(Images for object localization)
::::

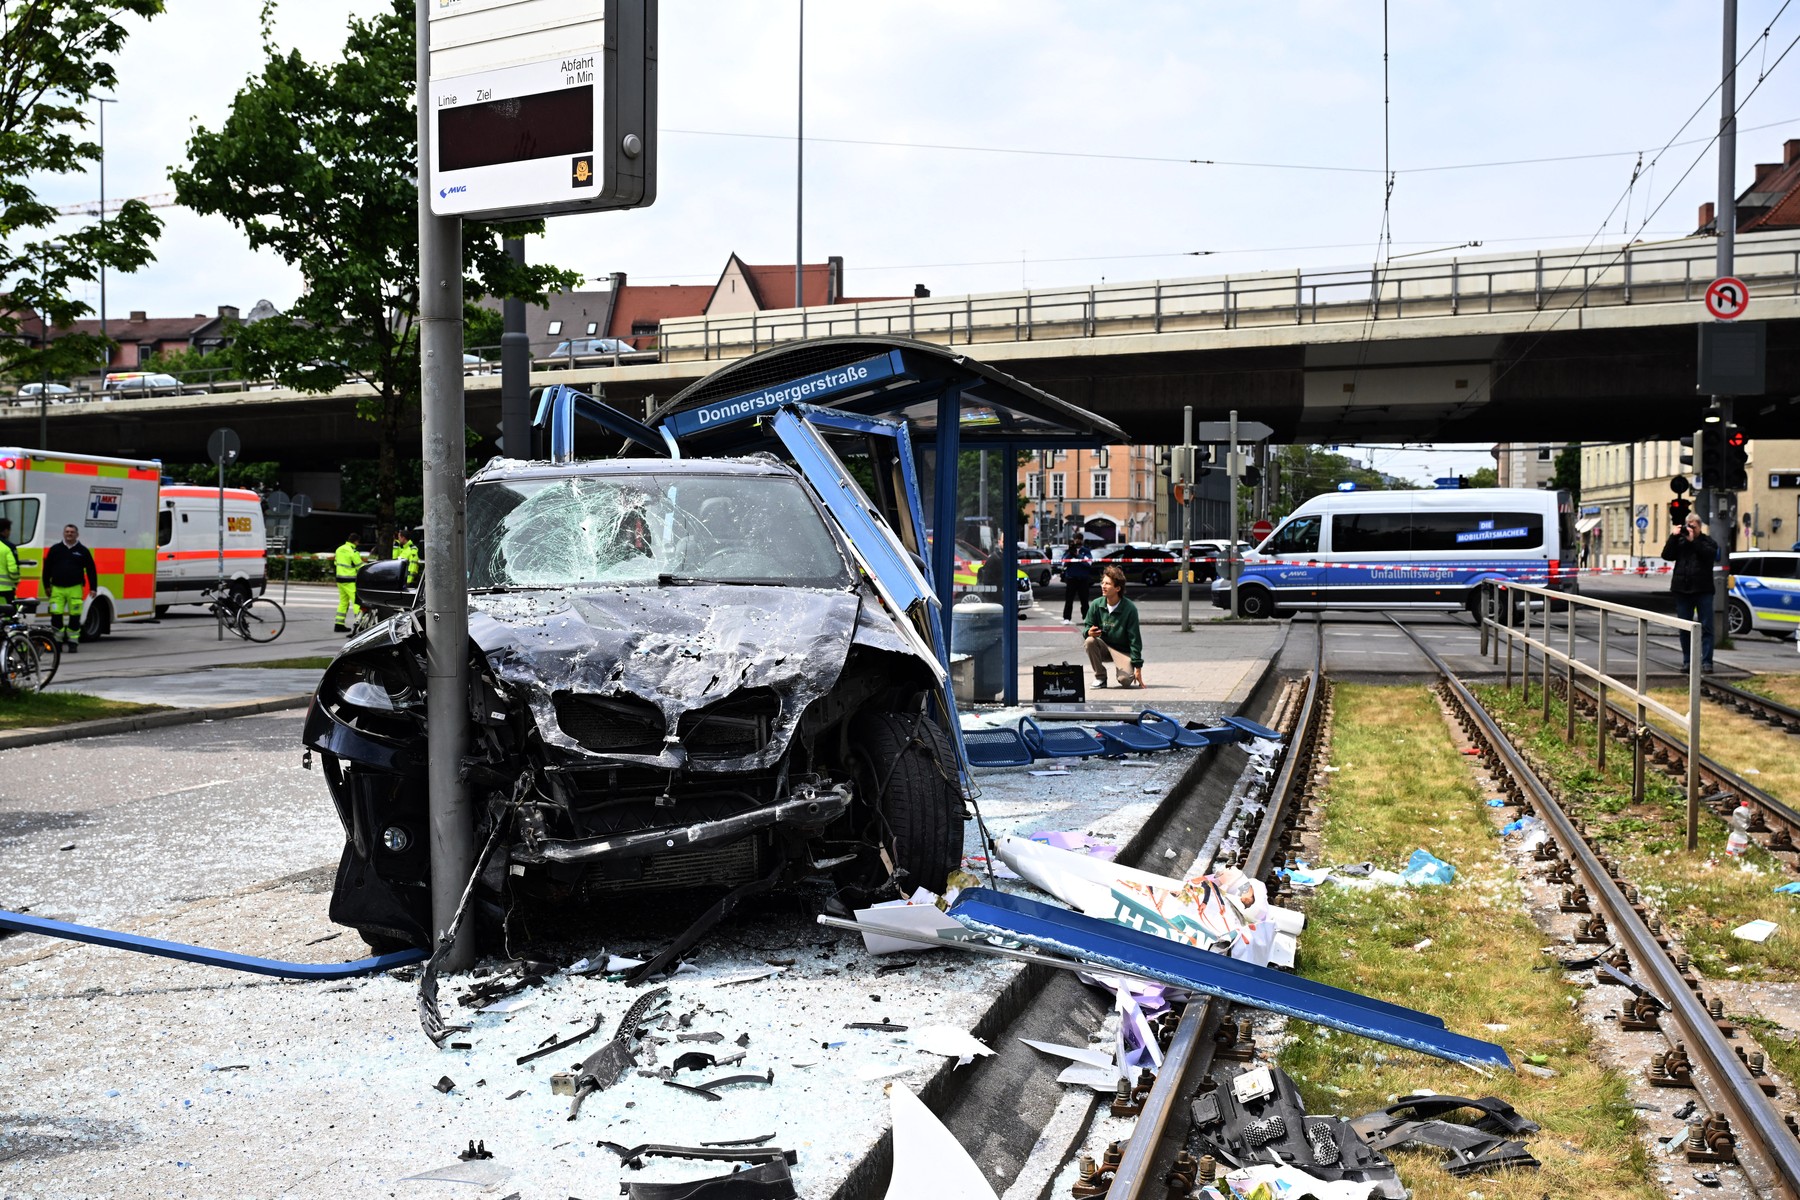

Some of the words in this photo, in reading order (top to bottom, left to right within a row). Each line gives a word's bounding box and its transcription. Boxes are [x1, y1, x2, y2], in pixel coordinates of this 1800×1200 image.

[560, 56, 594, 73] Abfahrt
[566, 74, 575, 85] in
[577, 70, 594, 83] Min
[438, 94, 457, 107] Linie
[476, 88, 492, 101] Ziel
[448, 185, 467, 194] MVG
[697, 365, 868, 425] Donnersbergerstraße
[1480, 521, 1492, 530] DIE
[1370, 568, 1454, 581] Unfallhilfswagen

::::

Without the pictures, return the whole of the data exactly as given.

Some of the words in this photo, in reading order (top to bottom, left to right within a row). Each line gives a word's bounding box and its transcription. Boxes are [x1, y1, x2, y2], in pixel coordinates of this 1800×1200 image.

[560, 56, 594, 73] Abfahrt
[566, 74, 575, 85] in
[577, 70, 594, 83] Min
[438, 94, 457, 107] Linie
[476, 88, 492, 101] Ziel
[448, 185, 467, 194] MVG
[697, 365, 868, 425] Donnersbergerstraße
[1480, 521, 1492, 530] DIE
[1370, 568, 1454, 581] Unfallhilfswagen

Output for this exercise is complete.